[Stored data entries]
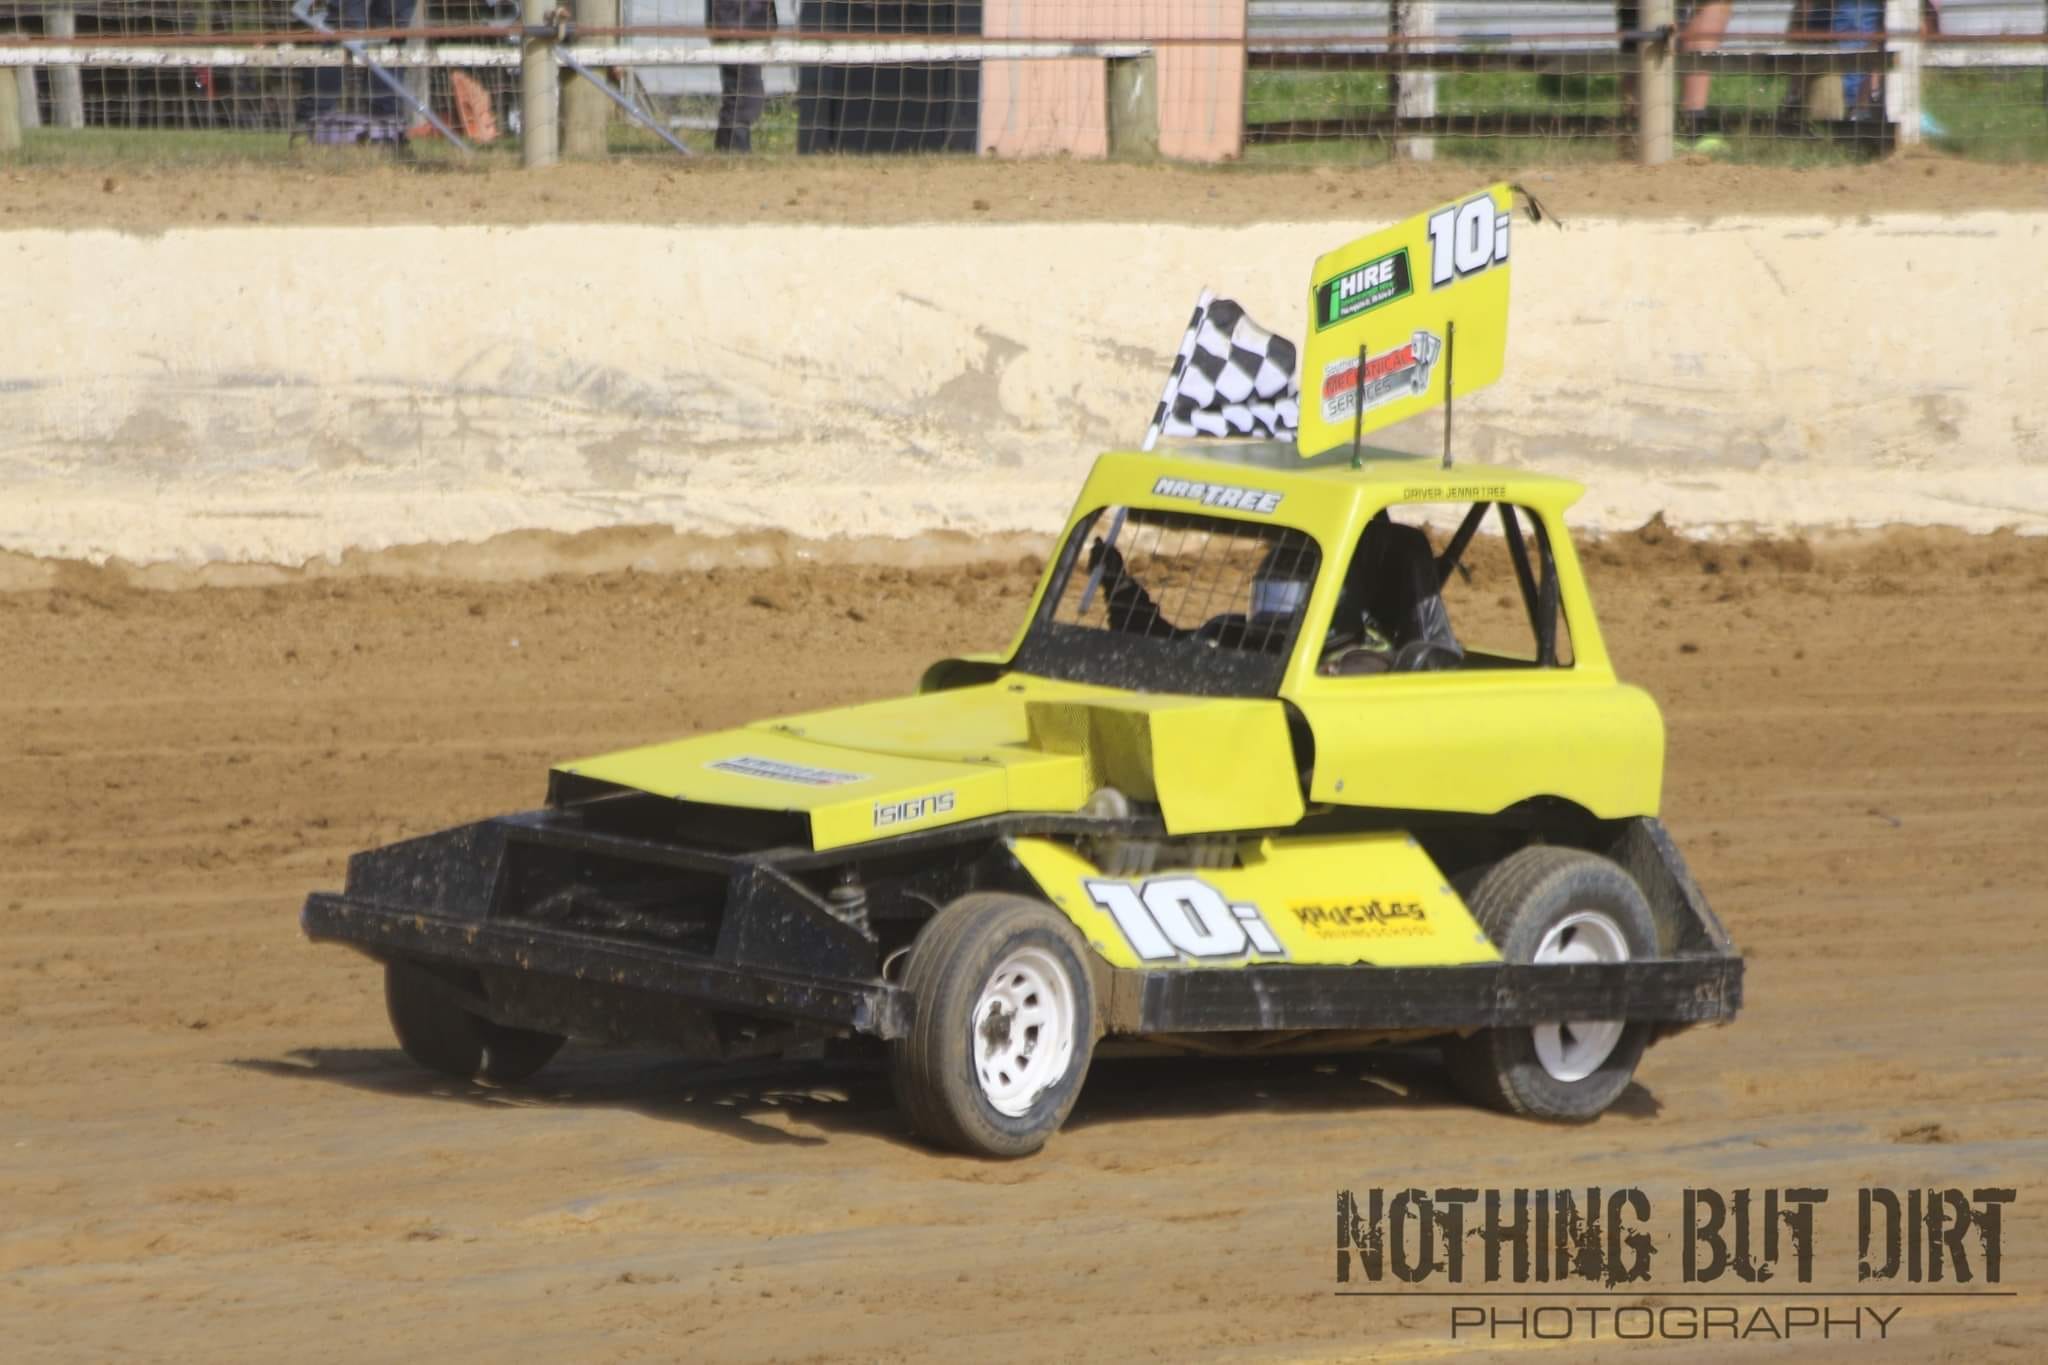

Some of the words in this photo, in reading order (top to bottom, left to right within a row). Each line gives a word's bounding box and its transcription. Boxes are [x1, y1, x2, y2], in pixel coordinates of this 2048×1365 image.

[1428, 194, 1510, 289] 10i
[1327, 352, 1409, 395] MECANICAL
[1327, 379, 1392, 416] SERICES
[1084, 875, 1287, 962] 10i
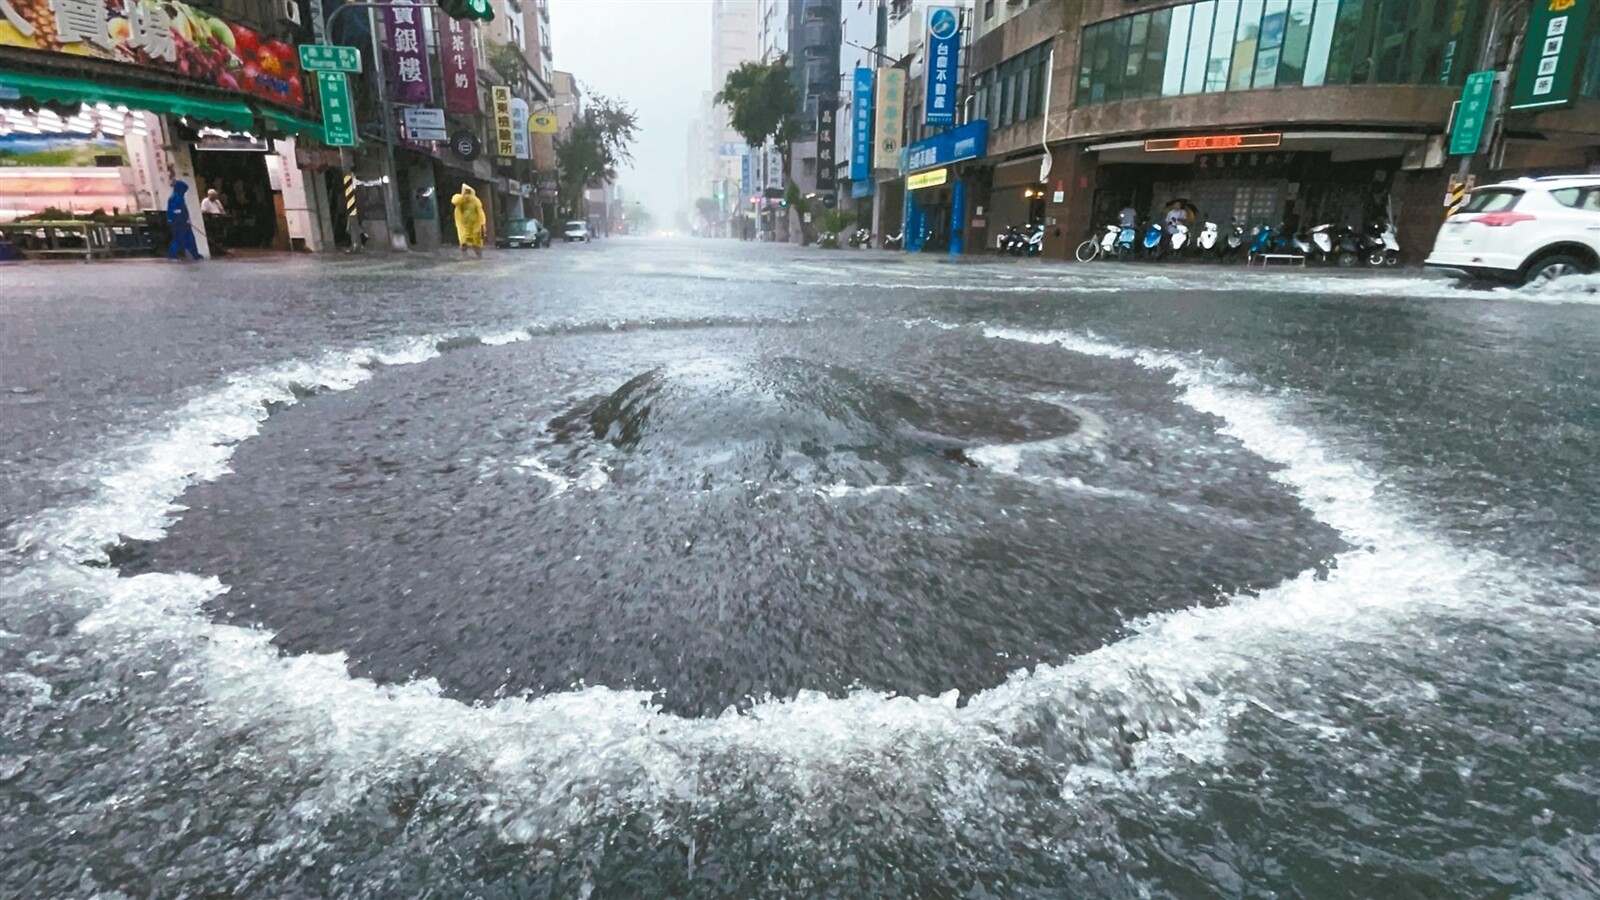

Your task: A verbatim reproduction of each entry is expected, with every picture omitted.

Written solution:
Some of the words in this photo, in reading order (top to bottom, left to right within a row). Each line gives a word's bounding box and its transcription. Boxes are [x1, y1, x2, y2], in pixel coordinates of this 2048×1365 image.

[1428, 194, 1510, 289] 10i
[1327, 352, 1409, 395] MECANICAL
[1327, 379, 1392, 416] SERICES
[1084, 875, 1287, 962] 10i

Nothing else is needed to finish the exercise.